A new study suggests that the tastiness of these types of foods — set aside from the calories they contain — does not cause weight gain.
Dr Michael Tordoff, study senior author, said:
“Most people think that good-tasting food causes obesity, but that is not the case.
Good taste determines what we choose to eat, but not how much we eat over the long-term.”
The research team ran some experiments to assess the effect of taste in causing overeating and gaining weight.
Mice were divided to three groups and each had a different diet for six weeks.
One group was fed plain rodent chow, the second group was fed chow mixed with sucralose (noncaloric artificial sweetener), and the third group was fed chow mixed with mineral oil.

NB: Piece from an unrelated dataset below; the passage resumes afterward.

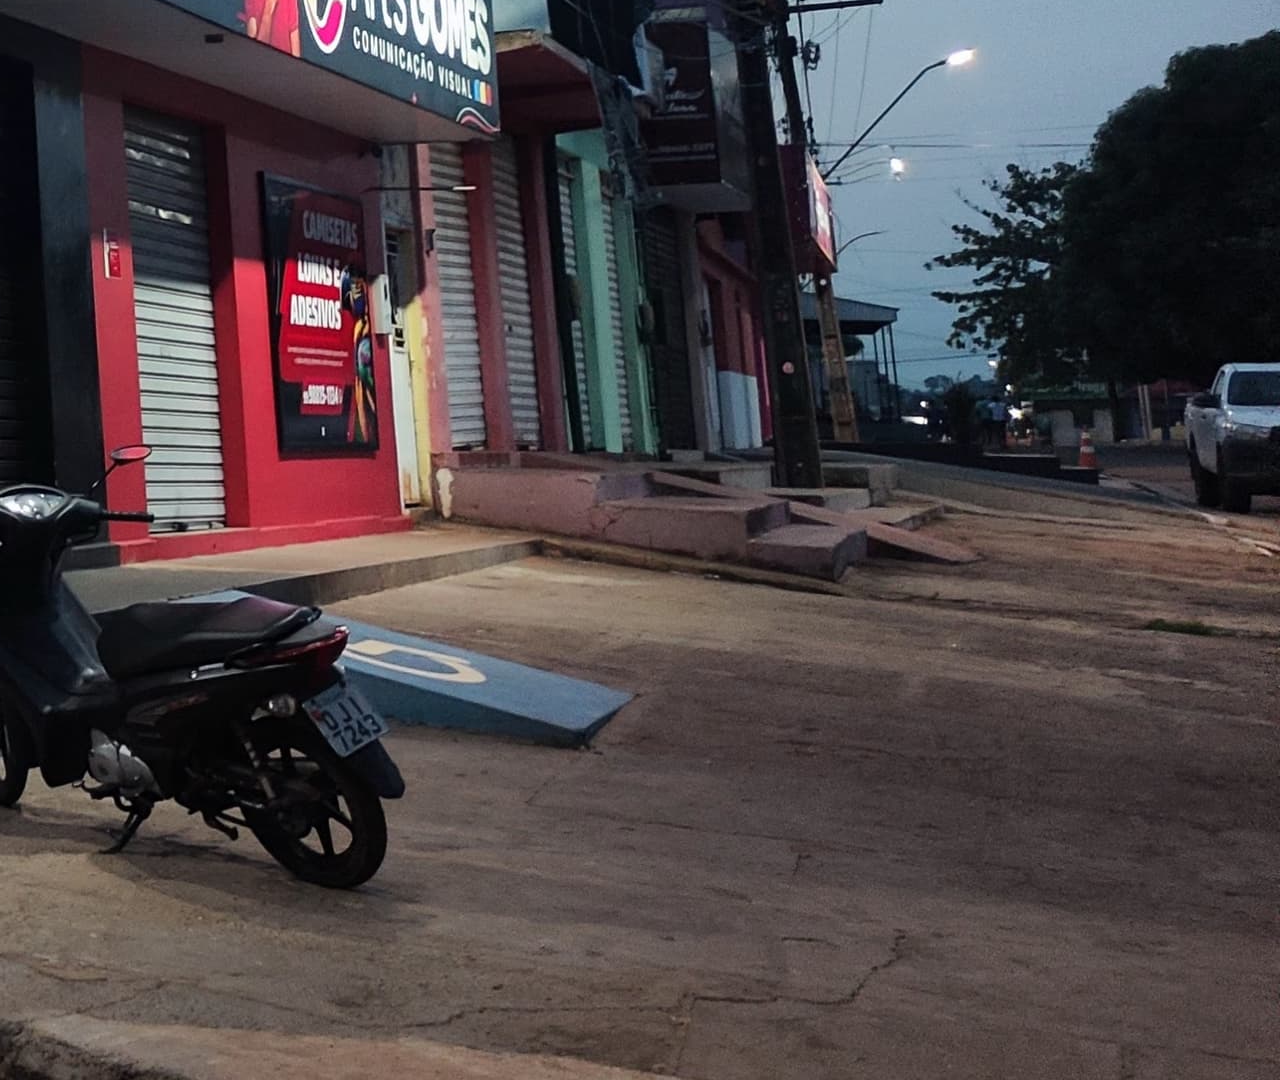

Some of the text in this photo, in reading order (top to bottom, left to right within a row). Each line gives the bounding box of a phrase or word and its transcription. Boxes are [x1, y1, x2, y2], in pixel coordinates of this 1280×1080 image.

At the end of this period, the mice that were on the sweet or oily chow diets were no fatter or heavier than the mice on the plain chew diet.
More tests on the mice showed that they preferred the taste-enhanced diets (the sweet and oily ones).
Dr Michael Tordoff concluded:
“Even though we gave mice delicious diets over a prolonged period, they did not gain excess weight.
People say that ‘if a food is good-tasting it must be bad for you,’ but our findings suggest this is not the case.
It should be possible to create foods that are both healthy and good-tasting.”
The study was published in the journal Physiology & Behavior (Tordoff et al., 2016).